The Manhattan District Attorney's Office in 2021 charged the Trump Organization and Weisselberg with more than a dozen criminal counts related to allegations that certain executives were provided with untaxed "indirect" compensation in the form of luxury benefits, including Manhattan apartments and private school tuition. The company maintains its innocence of all charges.

McConney was the first witness called by prosecutors to the stand, but his testimony was abruptly halted during the second day of the trial on Nov. 1, when his positive COVID test came in. Earlier that day, McConney testified that after Trump took office as U.S. president in 2017, a longtime attorney for the company oversaw an internal review of the company's tax practices, leading the Trump Organization "to do things differently."

Steinglass then asked if the review led to changes to "some of the practices that led to these charges?" 

McConney said, "Yes, sir."

Prosecutors allege that executives at the company for more than a decade used a variety of methods to "hide" the luxury benefits from tax authorities.

One method alleged by prosecutors is that executives were paid in part each year as if they were independent contractors for various Trump Organization entities.

McConney said Thursday that a Mazars accountant at one point told him not to pay a Trump Organization attorney that way, because "there was concern that (he) could lose his legal license."
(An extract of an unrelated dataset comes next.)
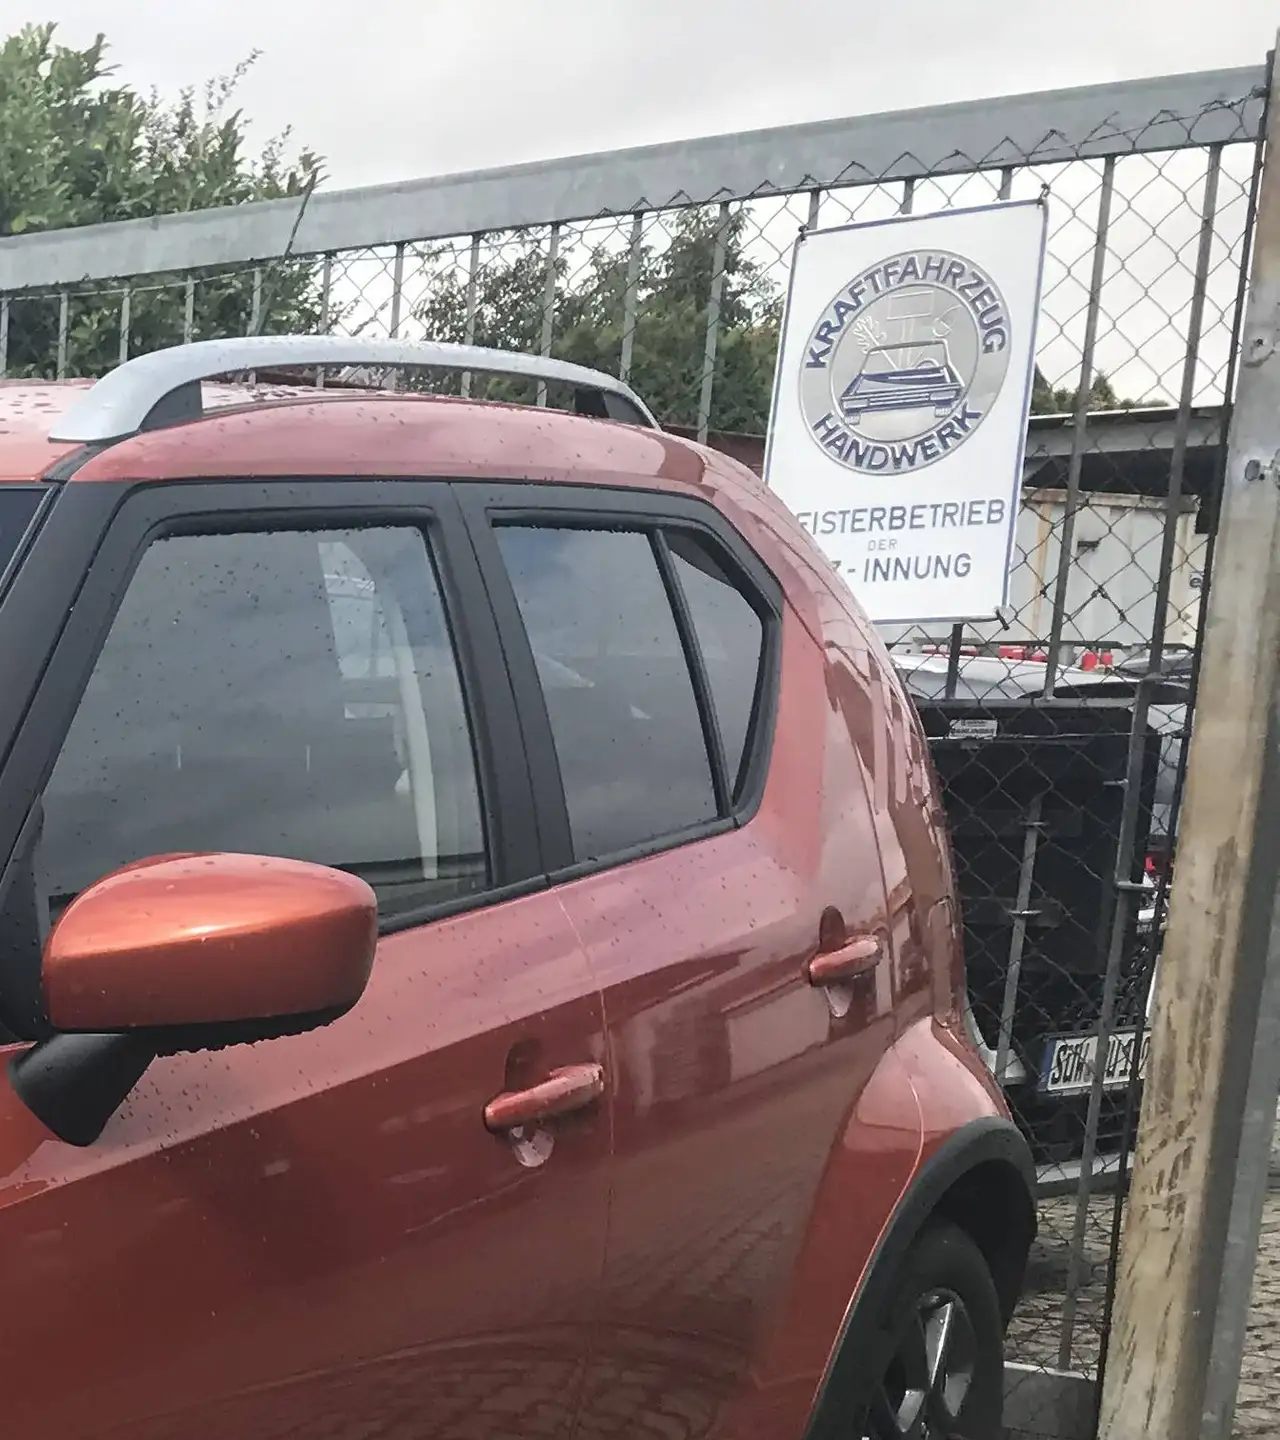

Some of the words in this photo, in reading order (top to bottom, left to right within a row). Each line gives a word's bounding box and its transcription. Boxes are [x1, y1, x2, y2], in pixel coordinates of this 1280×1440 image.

"Did [the accountant] tell you that he was not 'a fan' of this practice for any employee?" Steinglass asked.

"I believe that is the words he used, yes," McConney replied.

McConney said Thursday that the company stopped this payment practice in 2017 or 2018. Asked by Steinglass if the "2017 cleanup" was initiated because Trump became president, McConney said he believed it was a "coincidence."

"Nobody told me specifically that this change was because Mr. Trump became President Trump," McConney said.

In February, Mazars USA notified the Trump Organization that it was recanting a decade of annual financial statements prepared for Trump and his businesses, writing in a letter to the company that they "should no longer be relied upon." Mazars cited information that had surfaced in law enforcement investigations for its decision to cut ties with the Trump Organization.

Attorneys for the company said in their opening statements that there was no company fraud scheme, but instead that Weisselberg alone hid that he wasn't paying taxes on benefits. 

Weisselberg, who agreed as part of his plea deal to testify in the case, is expected to be called as a witness during the trial. He will be sentenced after the company's trial.